It's strange not having to worry about going to work at 5pm, but of course i was not use to not know what to do, and i felt kind of restless the other day just sitting around.
It's like being in relationship with someone you dislike. He takes up a lot of time frustrating you, but once the relationship is over, and don't have that nagging thing following you, you have no idea what to do with your time.
Today was better, i was more productive. After having a disagreement with Mike about EMO AGAIN, i think i may have won one over by calling him pretentious. I'm so sick of him talking about his friends, and his love of Emo that i called him on it. Like why be in love with a music that has pinning children describing how they want to commit suicide cause there girlfriend broke up with them. There are so many bigger issues and i don't get it. These Emo kids swear they are alone yet they have like 30 friends on the IM, and they can afford a 300 dollar IPOD only to fill it with sad songs wbout how there life sucks. I don't get it. He complains that he is alone, and his life is sad yet he is driving in a porshe, he does not have to worry about finacial aid, and he has a friend who lives in a 5 story house with a sauna. Your life sucks why?
My voice silently raised, i was telling him my FEELINGS, thank goodness i'm getting somewhere, and that i think he is pretentious and so is his music. It felt good i can't have people push me around anymore, and i must branch out or will ever be surrounded bu them.
After that i had to go to a Pre-med meeting. With this free time now, i am able to join all these clubs. I was in it last year, but i never went to the meetings. They aren't like regualry meetings. They have speakers who come to this school and talk about Medicine or whatever. So i can go to whatever meeting that i want, at the end of my time here i will get a certificate saying that i was in this program. So I thought the meeting was a 8. I check my email only to find out that it is at 4, which leaves me 15 minutes to get all the way on the otherside of campus.
When i get there, there are old, snobby, rich, educated, doctors. I look a little out of place in a Bob Marley Tee and these weird checkered shoes i keep wearing. There are some students but for some reason kids love to sit in the back, i grab a seat in the corner and for the next 100 hours am dazing off. It was so boring, and nothing about medical school. It was about Health Care, and you could tell all the kids where getting restless, b/c chairs were squeaking. I'm doodling, when i'm not nodding off. The man next to me was so fidgety i thought he was going to jump out of his seat. I keep staring at this old man who was sleeping like full on, so i'm trying to supress laughter. After about an hour the meeting ends.
I hate taking elevators with people, so i take the stairs, sort of forgetting that i am on the 8th floor. So by the time i hit the main floor, my legs are tired and my head hurts from all the turns. As i walking back to my dorm, there was a boy walking close near me:
Backstory:
When i woke up this morning there was a letter in my email, saying that this dude was starting a club that watches unknown movies, and that he would like me to join. I said, well in the email, that i would. Later on that day i found out the boy who sent me the email was a boy in my art class who i may have had a crush on.
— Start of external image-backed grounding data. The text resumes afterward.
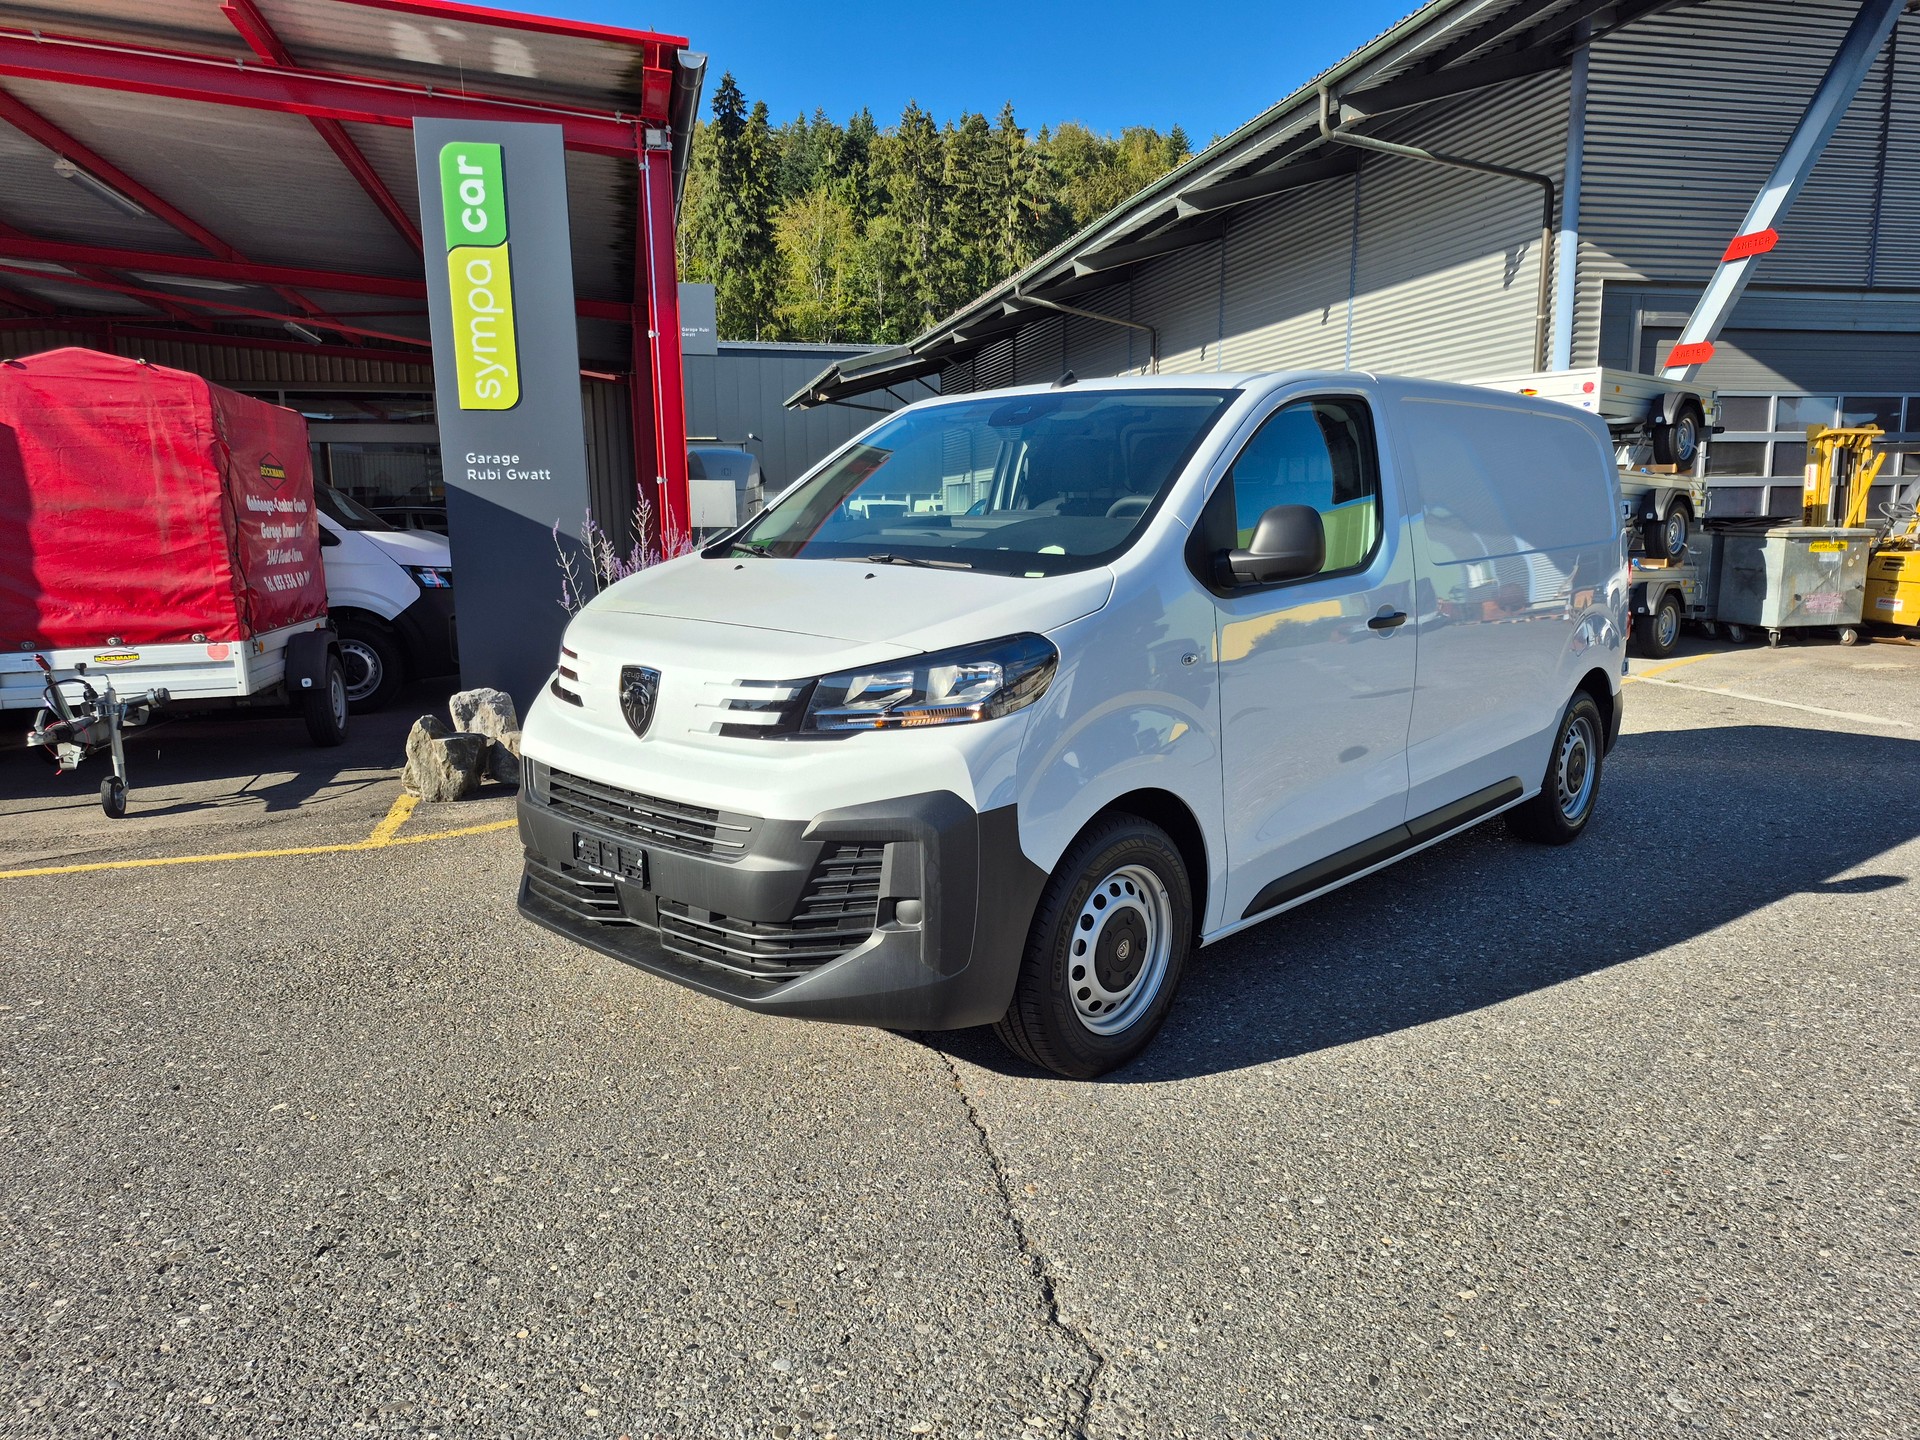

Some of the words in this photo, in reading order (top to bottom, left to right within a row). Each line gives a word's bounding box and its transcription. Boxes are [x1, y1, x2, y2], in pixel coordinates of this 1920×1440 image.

[457, 154, 489, 234] car
[466, 258, 509, 400] sympa
[465, 452, 520, 466] Garage
[467, 468, 501, 480] Rubi
[506, 468, 551, 480] Gwatt
[94, 653, 140, 662] BÖCKMANN
[622, 671, 656, 682] PEUGEOT
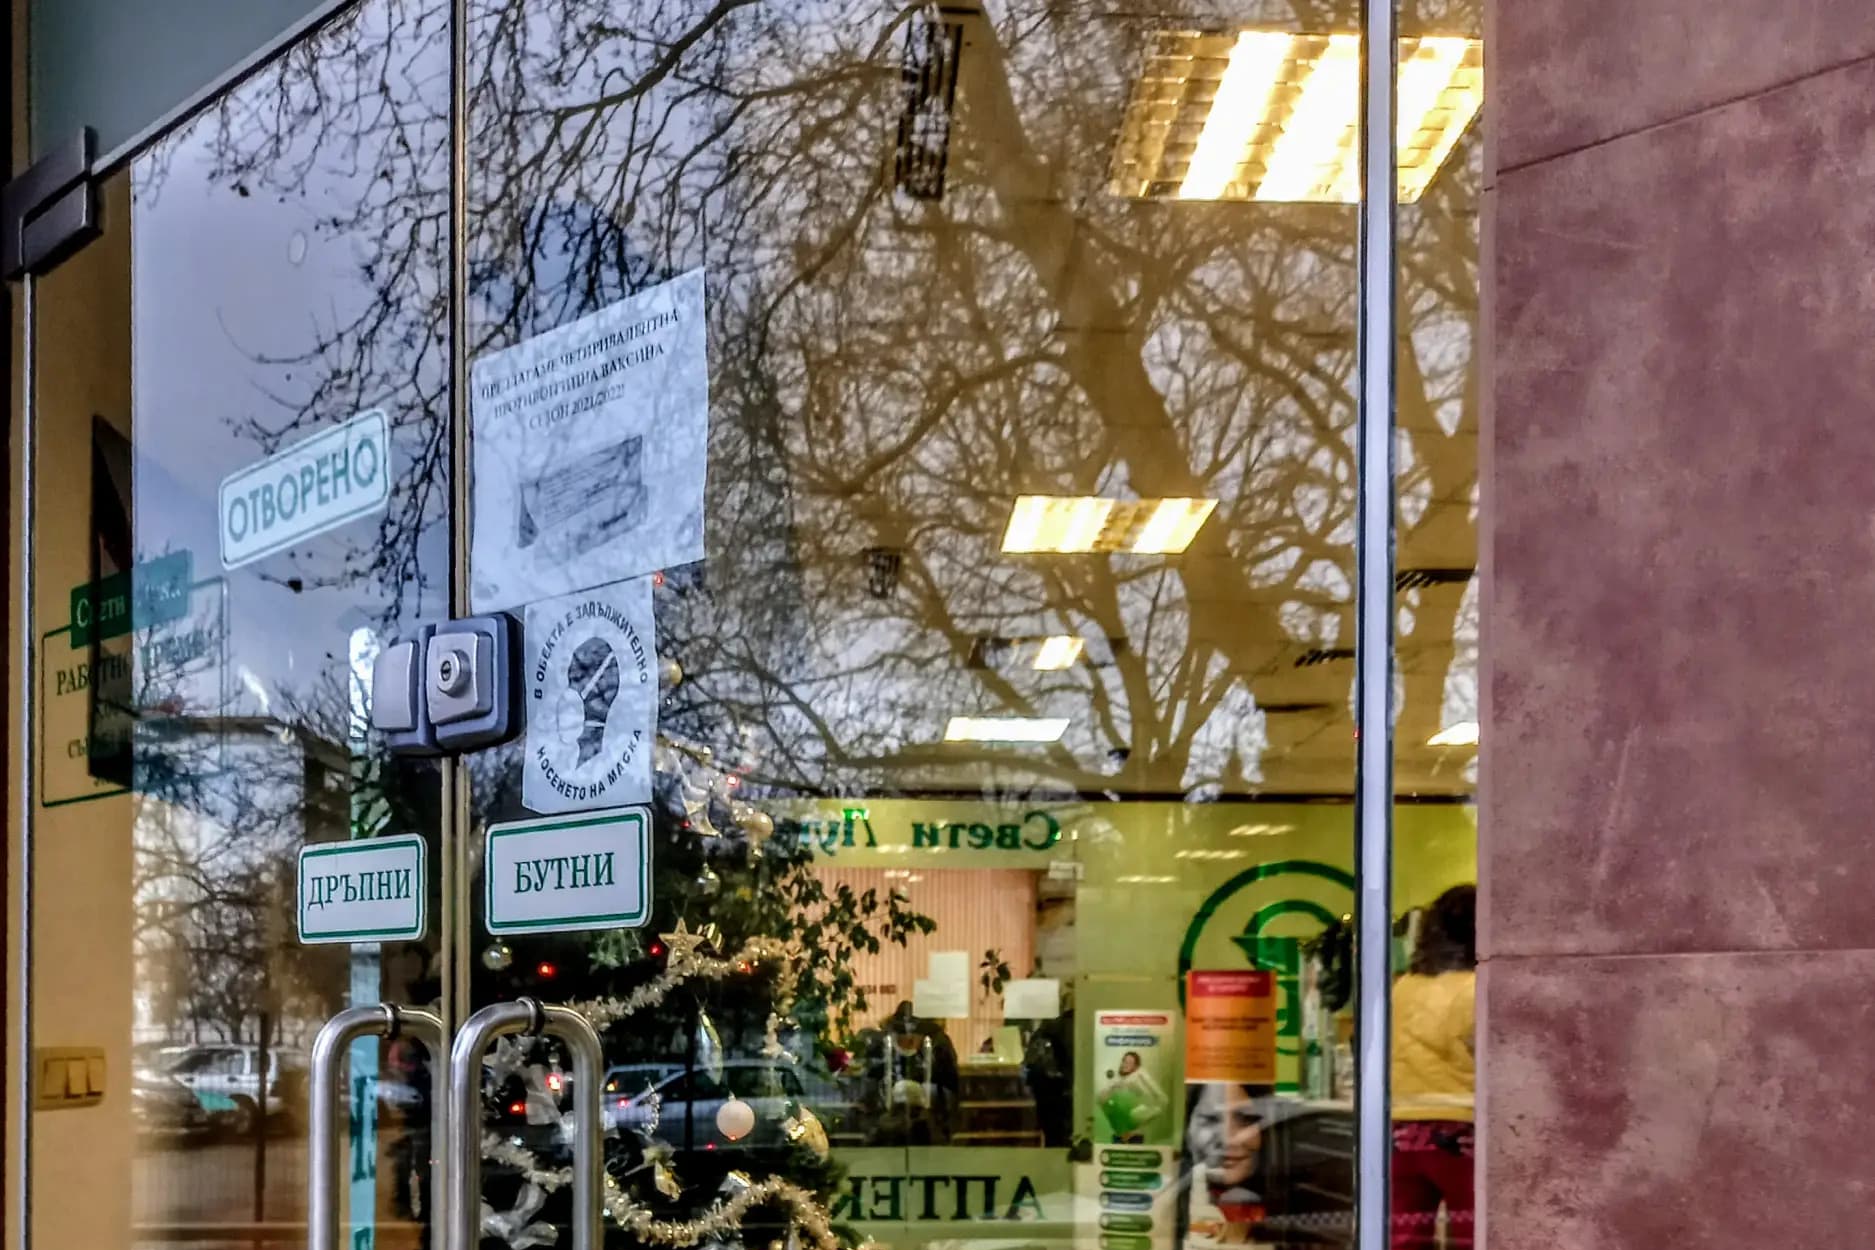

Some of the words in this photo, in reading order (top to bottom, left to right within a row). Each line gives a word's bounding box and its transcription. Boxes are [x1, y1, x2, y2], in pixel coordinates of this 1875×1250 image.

[601, 343, 664, 379] ВАКСИНА
[227, 437, 379, 543] ОТВОРЕНО
[76, 595, 127, 628] Сети
[536, 622, 565, 683] ОБЕКТА
[566, 613, 574, 626] Е
[575, 600, 648, 684] ЗАДЪЛЖИТЕЛНО
[537, 746, 586, 800] НОСЕНЕТО
[590, 783, 606, 799] НА
[608, 728, 642, 785] МАСКА
[307, 868, 411, 910] ДРЪПНИ
[513, 851, 615, 893] БУТНИ
So anyway back to the story.
So i look behind and it's him. I have this weird thing of smiling when i see boy i like. I get like giddy and i want to just say something but i don't so i end up biting my lip. So we are walking like side by side now. I notice that he turns to go into my building though he doesn't live there, because i saw him at the building meeting and know that he doesn't live in my hall. Each hall has a card that we slide to enter, he waits for me to slide my card through and then opens the door for me.
Beckett:Thanks
Cute Art Dude: Your welcome
After i see him go in the opposite direction, b/c he came in the wrong door, i smile a little. So on Thursday i am going to his meeting, he's the president.
I guess the job thing was good. I mean i have more time to do things now, yes the money thing was good, but hopefully things will look up. I mean i know that won't be bad forever though sometimes it feels like the hits won't stop coming.
Maybe it's just a part of the process though. This life process.
3 comments:
Just to say Hi :)
Hey back. Nice to hear from you again.
ohhhh movie club.
are you really into movies ?
the geekiest thing i ever did one time was a battle of quotes with someone on a message board from movies. we would post the quotes and the other person had to answer what movie it was from and who said it.
lets just say no one won and it got to over 200 pages.